● TASK DESCRIPTION
Exactly reproduce all the records, keeping pictures out of the copy.
───── MATERIAL PROVIDED
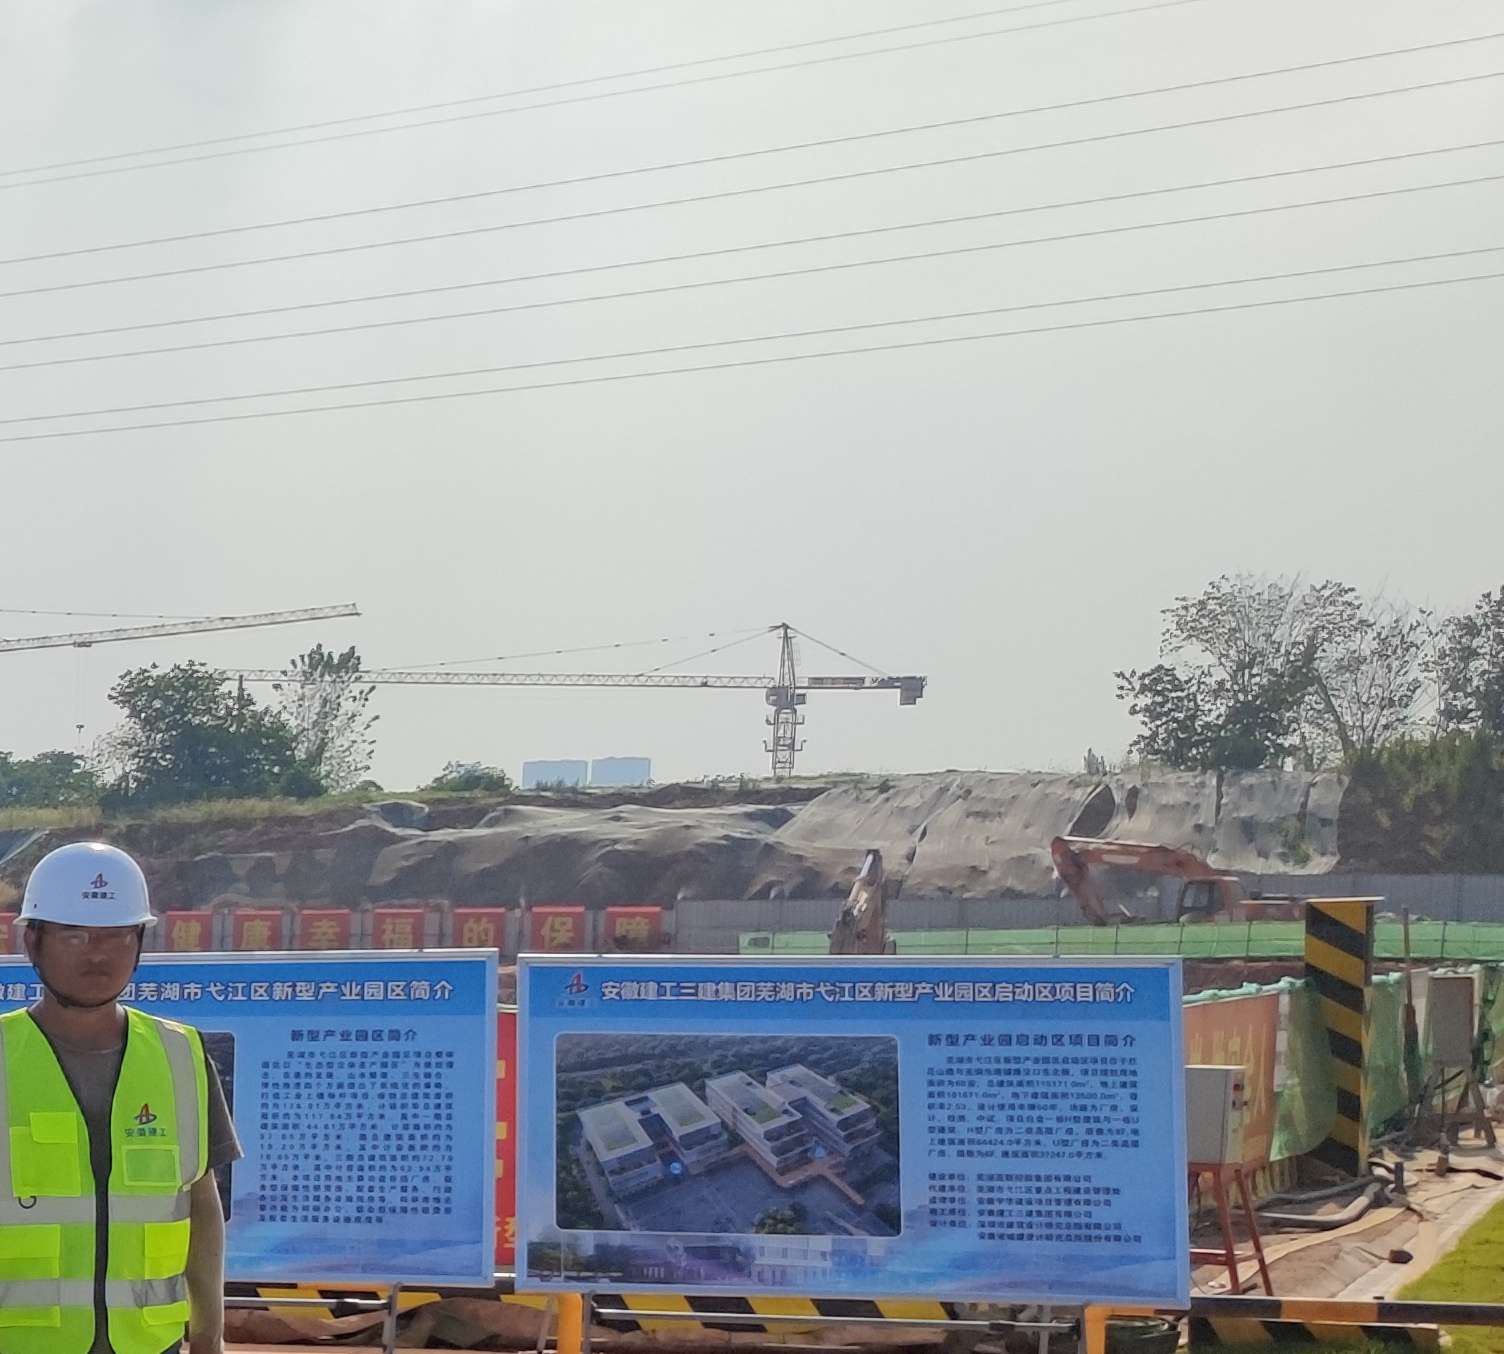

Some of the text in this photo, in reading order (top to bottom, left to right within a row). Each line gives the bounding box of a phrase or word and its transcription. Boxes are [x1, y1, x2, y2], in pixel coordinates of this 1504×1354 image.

[600, 979, 1135, 1005] 安徽建工三建集团芜湖市弋江区新型产业园区启动区项目简介
[291, 1029, 417, 1042] 新型产业园区简介
[927, 1034, 1137, 1047] 新型产业园启动区项目简介
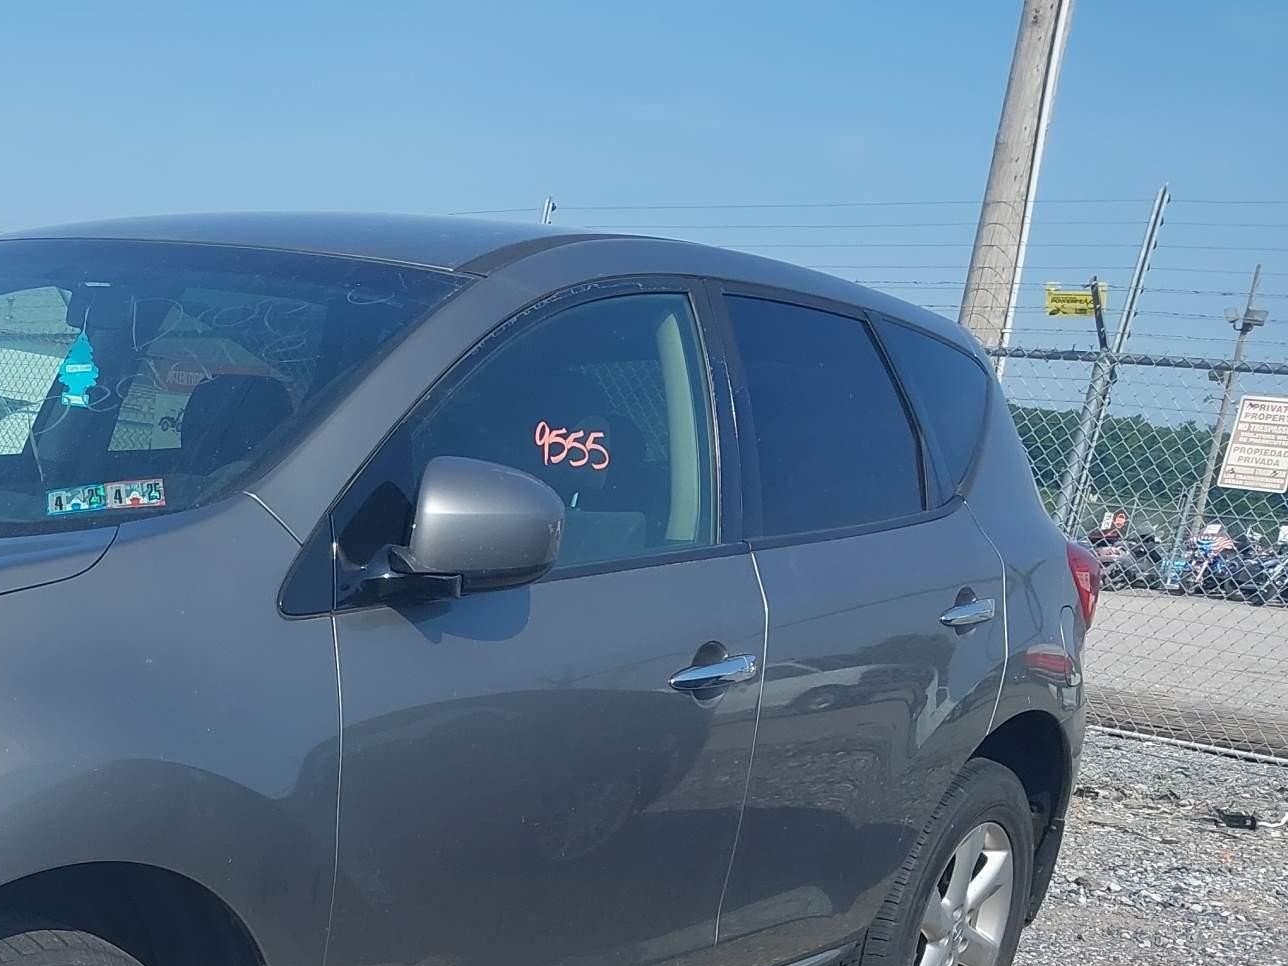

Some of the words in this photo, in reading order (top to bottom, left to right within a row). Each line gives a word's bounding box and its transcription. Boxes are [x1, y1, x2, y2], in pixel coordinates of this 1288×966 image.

[1253, 403, 1288, 413] PRIVAT
[1245, 412, 1288, 422] PROPER
[1249, 424, 1288, 434] TRESPASS
[535, 421, 609, 470] 9555
[1238, 456, 1280, 466] PRIVADA
[114, 489, 123, 504] 4
[147, 483, 161, 500] 25
[54, 496, 63, 510] 4
[87, 488, 102, 505] 25
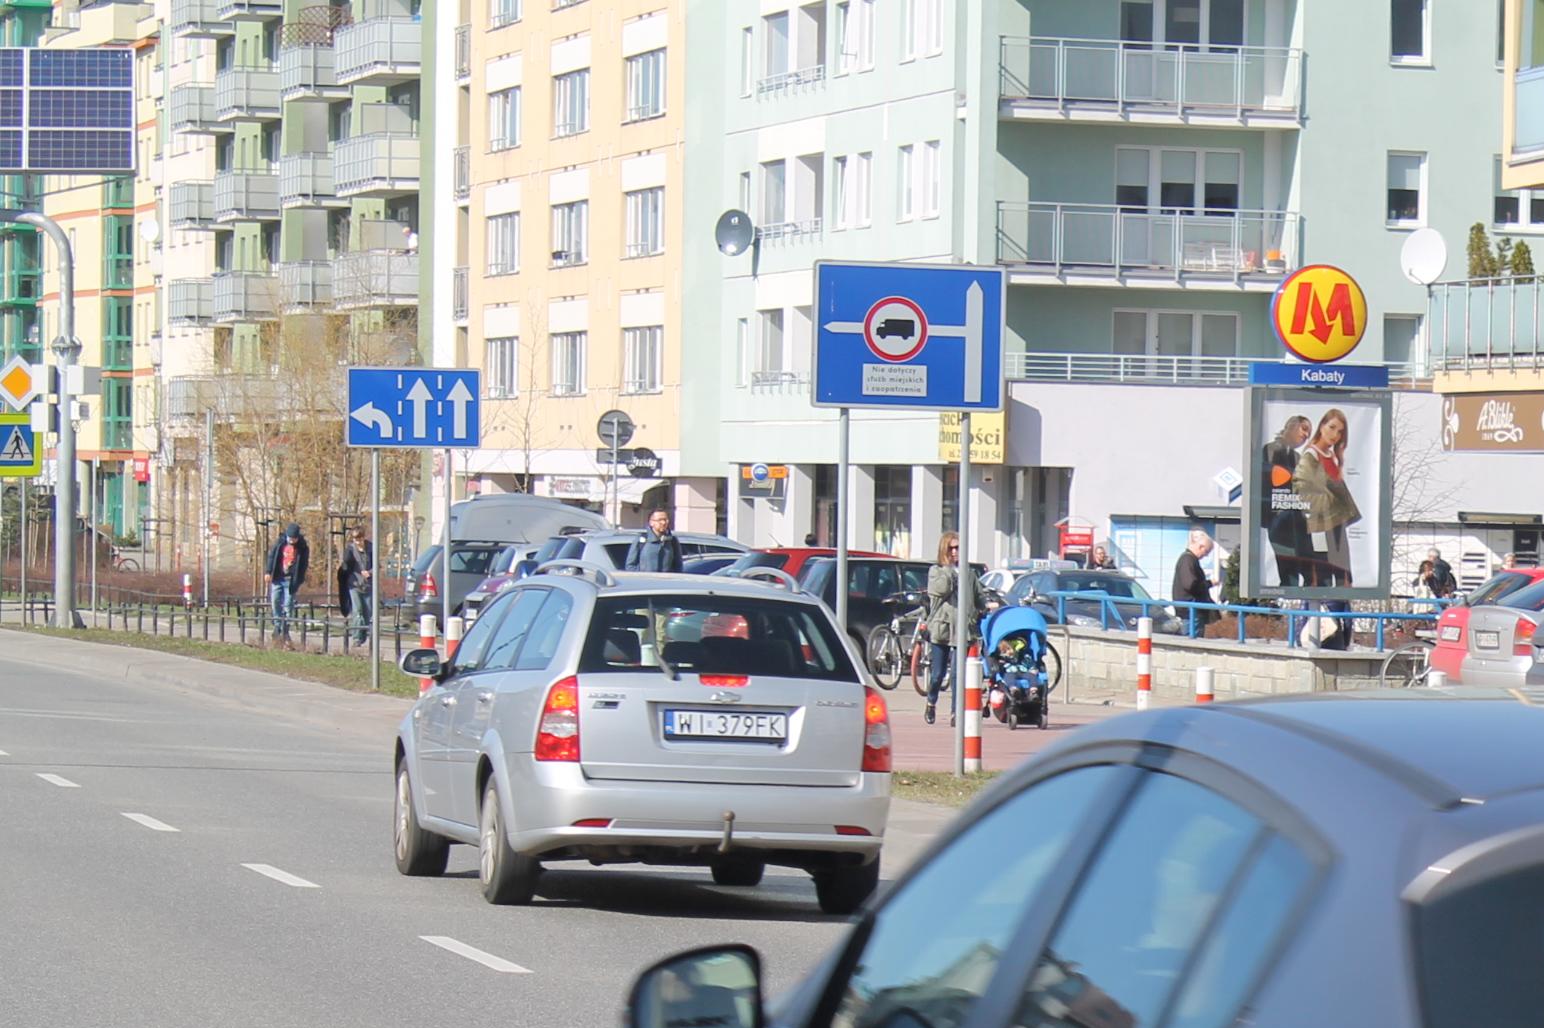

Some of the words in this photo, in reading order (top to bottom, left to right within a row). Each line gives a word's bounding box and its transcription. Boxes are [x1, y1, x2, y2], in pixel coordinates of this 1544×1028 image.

[888, 367, 916, 375] dotyczy
[889, 376, 925, 384] miejskich
[1301, 368, 1345, 385] Kabaty
[1271, 502, 1311, 510] FASHION
[678, 713, 704, 734] WI
[717, 714, 782, 736] 379FK
──────────
● YOUR SOLUTION
Some of the text in this photo, in reading order (top to bottom, left to right within a row). Each line gives the bounding box of a phrase or word and its transcription. Boxes are [x1, y1, x2, y2], in pixel coordinates of this 1504×1354 image.

[600, 979, 1135, 1005] 安徽建工三建集团芜湖市弋江区新型产业园区启动区项目简介
[291, 1029, 417, 1042] 新型产业园区简介
[927, 1034, 1137, 1047] 新型产业园启动区项目简介

Some of the words in this photo, in reading order (top to bottom, left to right within a row). Each line gives a word's bounding box and its transcription. Boxes are [x1, y1, x2, y2], in pixel coordinates of this 1288×966 image.

[1253, 403, 1288, 413] PRIVAT
[1245, 412, 1288, 422] PROPER
[1249, 424, 1288, 434] TRESPASS
[535, 421, 609, 470] 9555
[1238, 456, 1280, 466] PRIVADA
[114, 489, 123, 504] 4
[147, 483, 161, 500] 25
[54, 496, 63, 510] 4
[87, 488, 102, 505] 25

Some of the words in this photo, in reading order (top to bottom, left to right within a row). Each line gives a word's bounding box and its transcription. Boxes are [x1, y1, x2, y2], in pixel coordinates of this 1544×1028 image.

[888, 367, 916, 375] dotyczy
[889, 376, 925, 384] miejskich
[1301, 368, 1345, 385] Kabaty
[1271, 502, 1311, 510] FASHION
[678, 713, 704, 734] WI
[717, 714, 782, 736] 379FK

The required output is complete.